[Opening RECORDS SHOWN section]

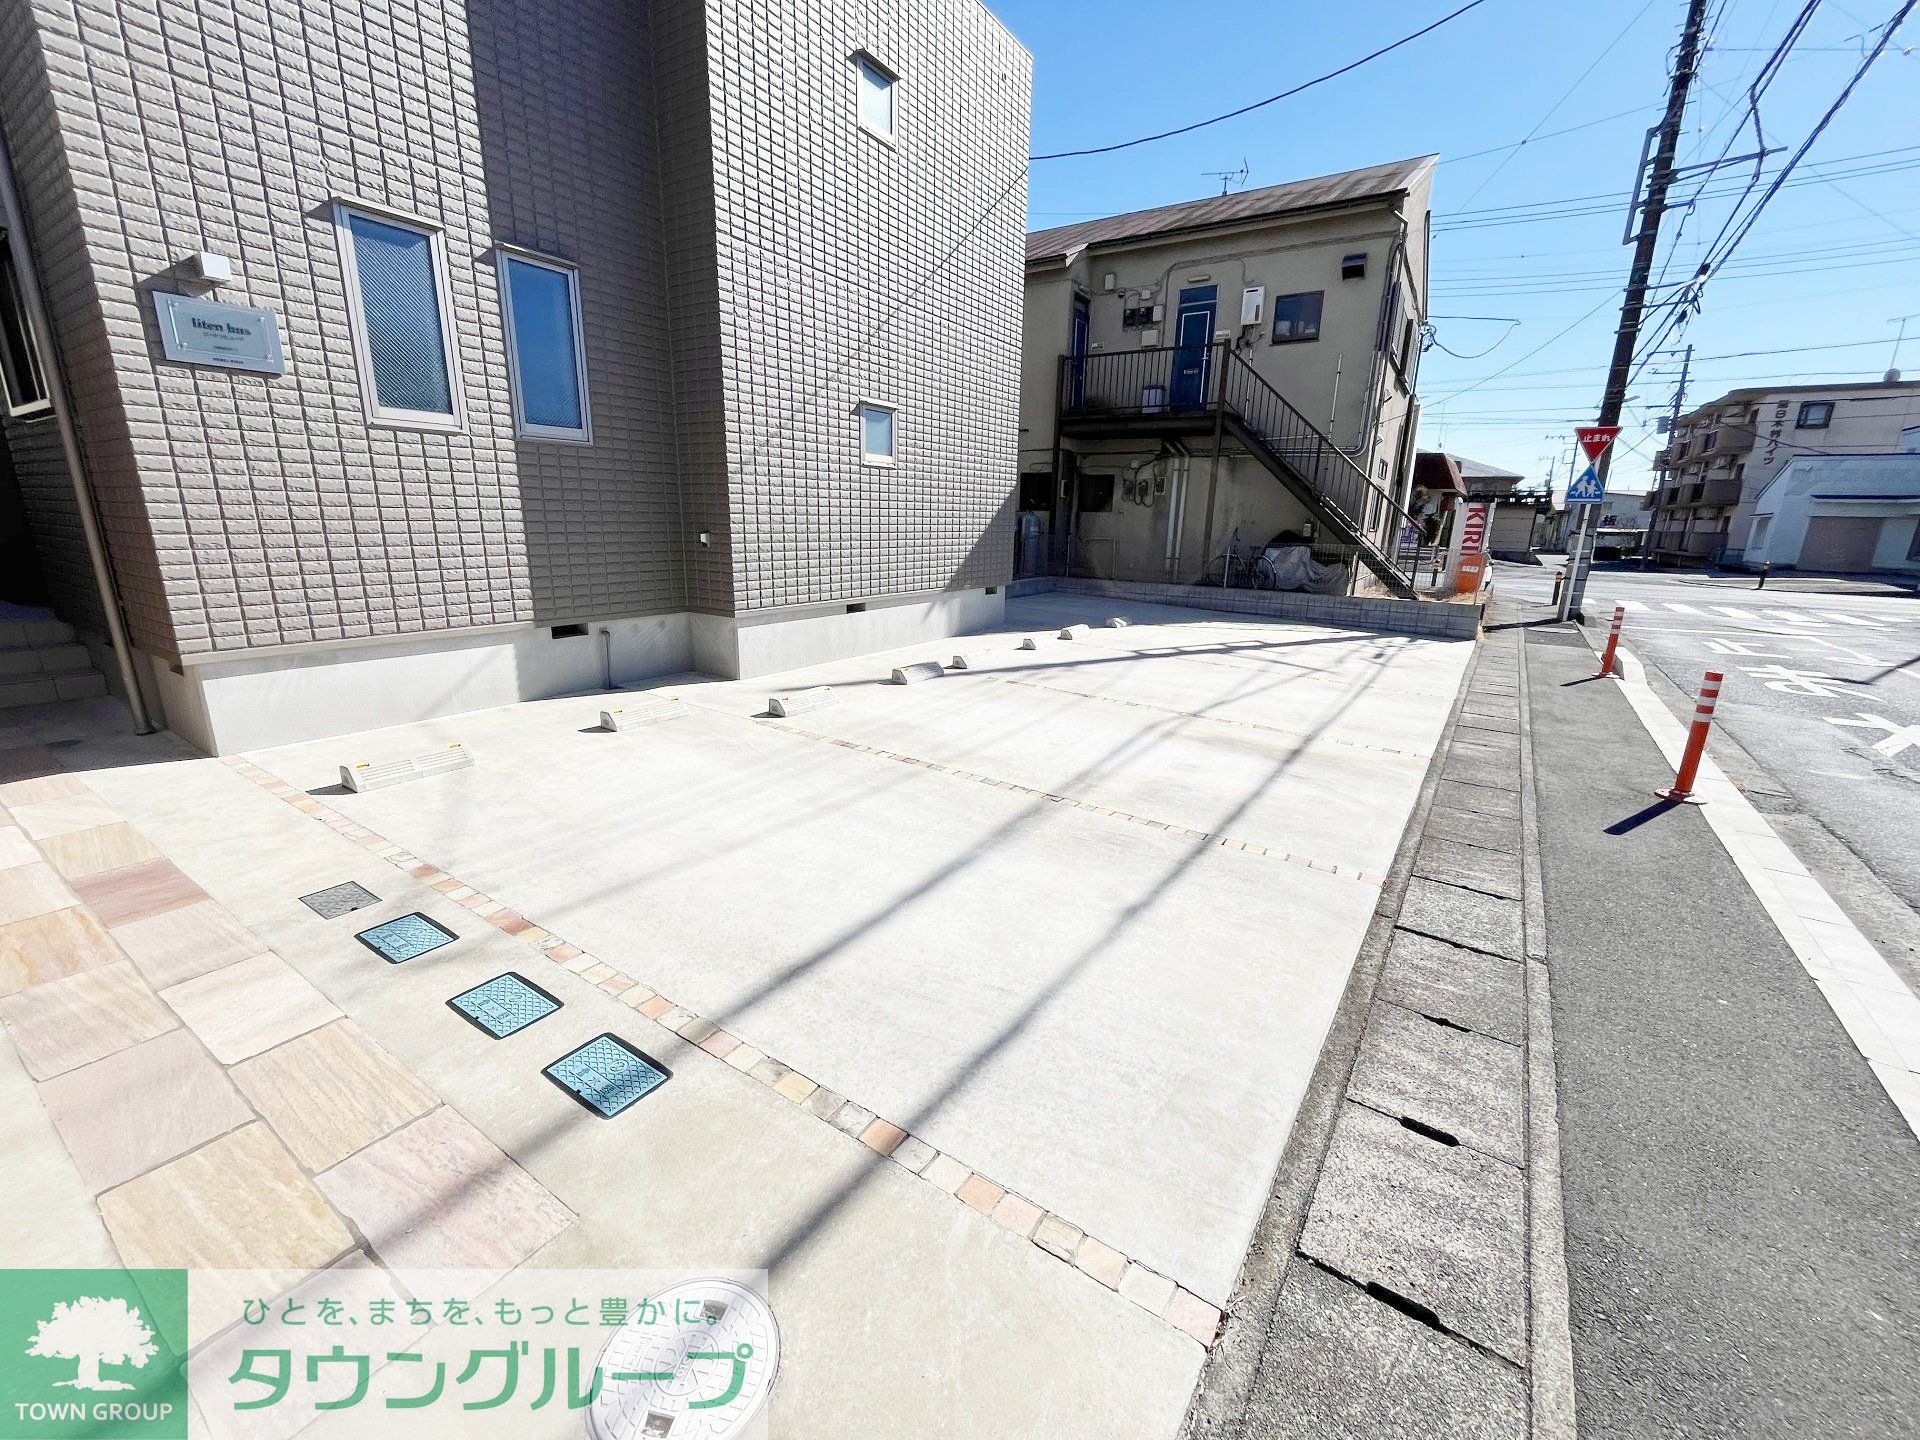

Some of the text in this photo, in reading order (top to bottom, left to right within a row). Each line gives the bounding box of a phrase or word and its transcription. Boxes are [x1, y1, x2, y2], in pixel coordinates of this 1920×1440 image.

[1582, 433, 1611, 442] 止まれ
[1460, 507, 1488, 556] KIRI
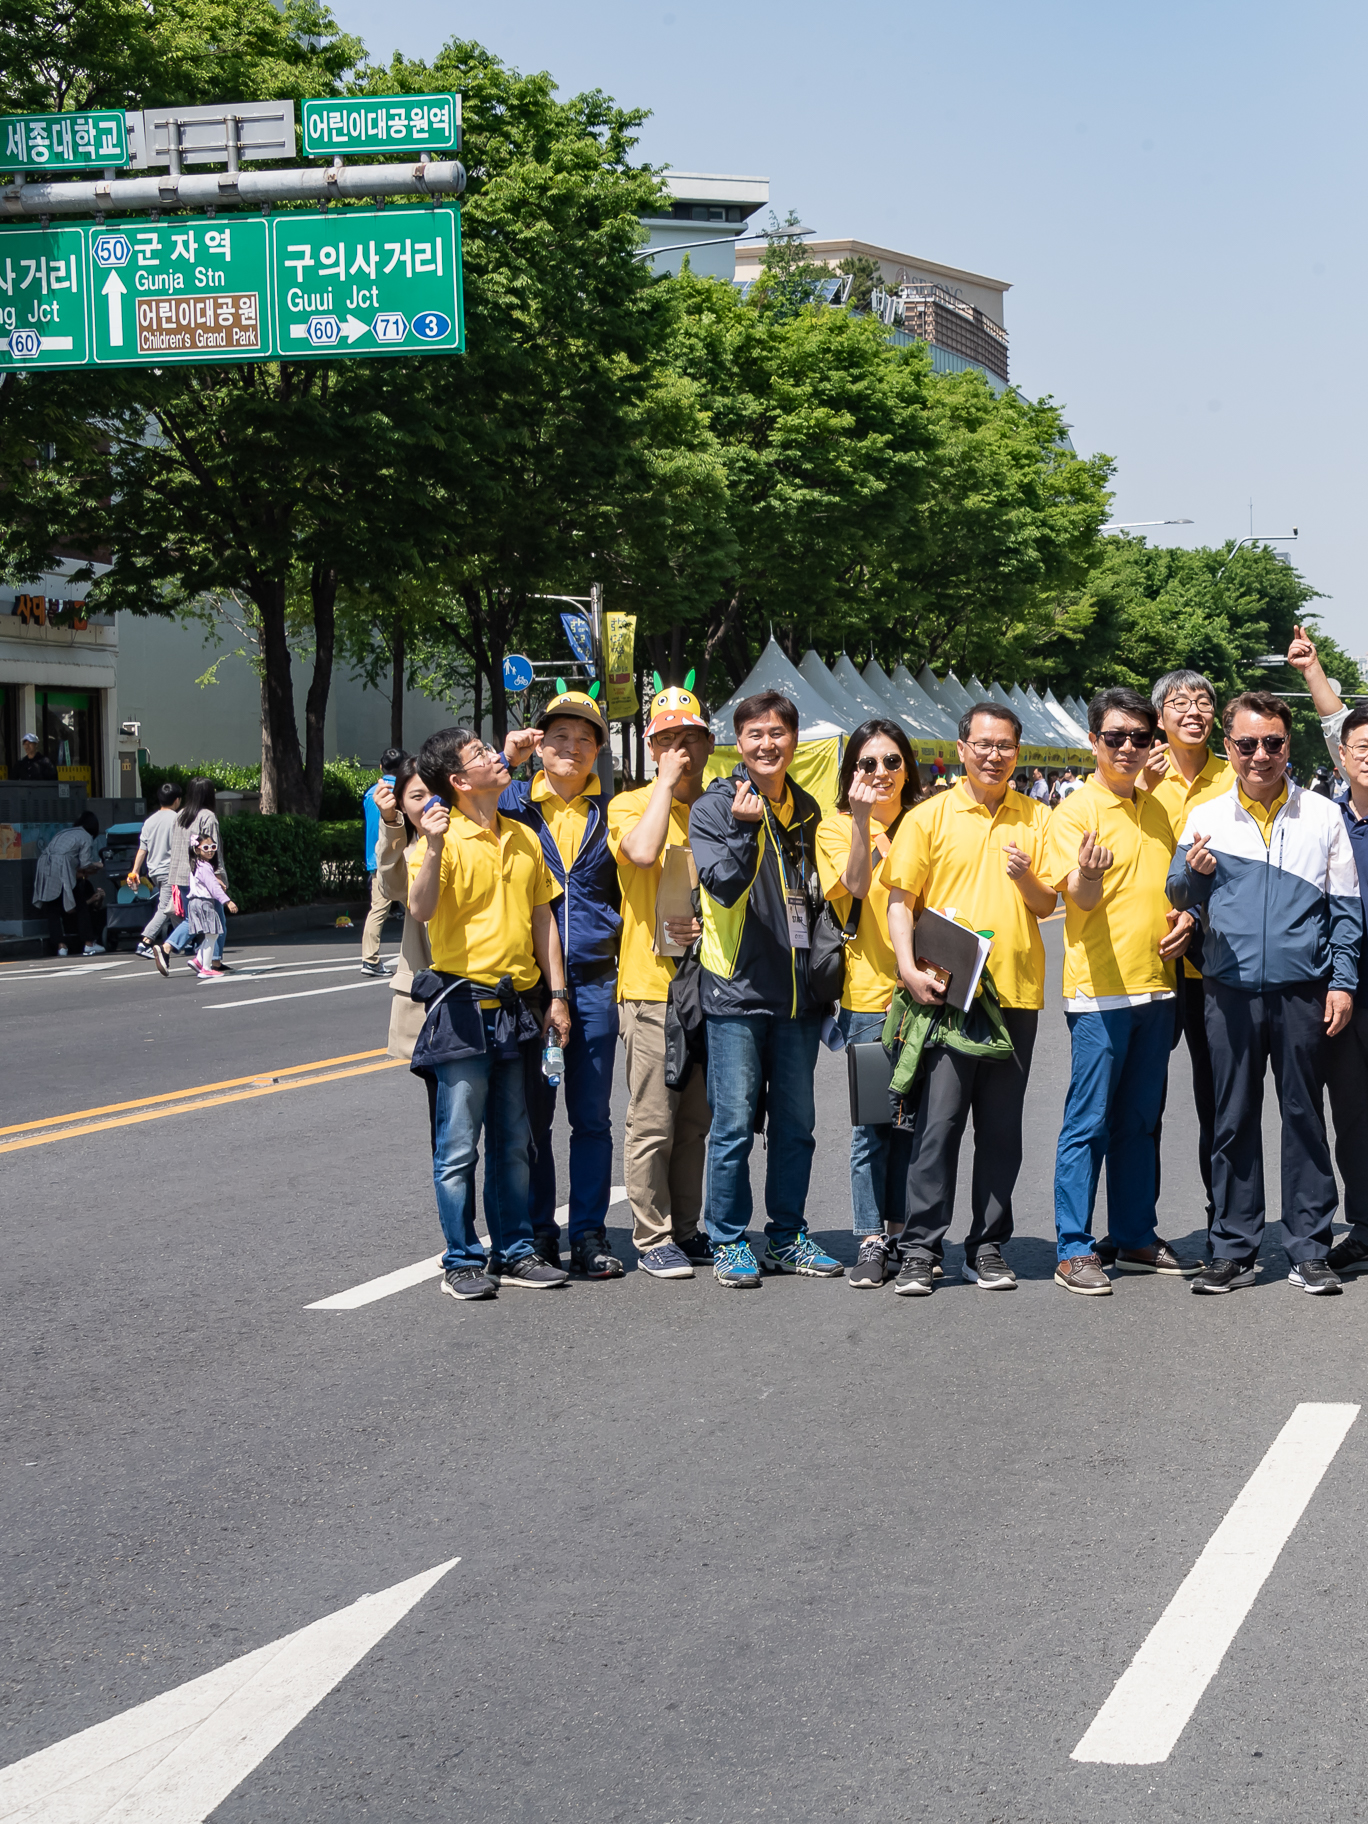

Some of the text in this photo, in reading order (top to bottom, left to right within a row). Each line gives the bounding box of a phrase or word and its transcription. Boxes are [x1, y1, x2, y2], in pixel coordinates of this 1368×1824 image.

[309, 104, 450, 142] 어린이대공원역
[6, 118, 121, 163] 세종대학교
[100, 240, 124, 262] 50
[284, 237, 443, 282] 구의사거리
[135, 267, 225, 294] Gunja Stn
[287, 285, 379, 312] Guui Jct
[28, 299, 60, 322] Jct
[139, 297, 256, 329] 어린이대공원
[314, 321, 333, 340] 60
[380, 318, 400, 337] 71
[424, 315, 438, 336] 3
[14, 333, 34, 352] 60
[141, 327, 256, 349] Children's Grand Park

[Closing RECORDS SHOWN section]

Could you set down the records above word for word, without any of the pictures?

Some of the text in this photo, in reading order (top to bottom, left to right within a row). Each line gives the bounding box of a phrase or word and its transcription. Boxes are [x1, y1, x2, y2], in pixel coordinates of this 1920×1440 image.

[1582, 433, 1611, 442] 止まれ
[1460, 507, 1488, 556] KIRI

Some of the text in this photo, in reading order (top to bottom, left to right within a row). Each line gives the bounding box of a phrase or word and its transcription. Boxes are [x1, y1, x2, y2], in pixel coordinates of this 1368×1824 image.

[309, 104, 450, 142] 어린이대공원역
[6, 118, 121, 163] 세종대학교
[100, 240, 124, 262] 50
[284, 237, 443, 282] 구의사거리
[135, 267, 225, 294] Gunja Stn
[287, 285, 379, 312] Guui Jct
[28, 299, 60, 322] Jct
[139, 297, 256, 329] 어린이대공원
[314, 321, 333, 340] 60
[380, 318, 400, 337] 71
[424, 315, 438, 336] 3
[14, 333, 34, 352] 60
[141, 327, 256, 349] Children's Grand Park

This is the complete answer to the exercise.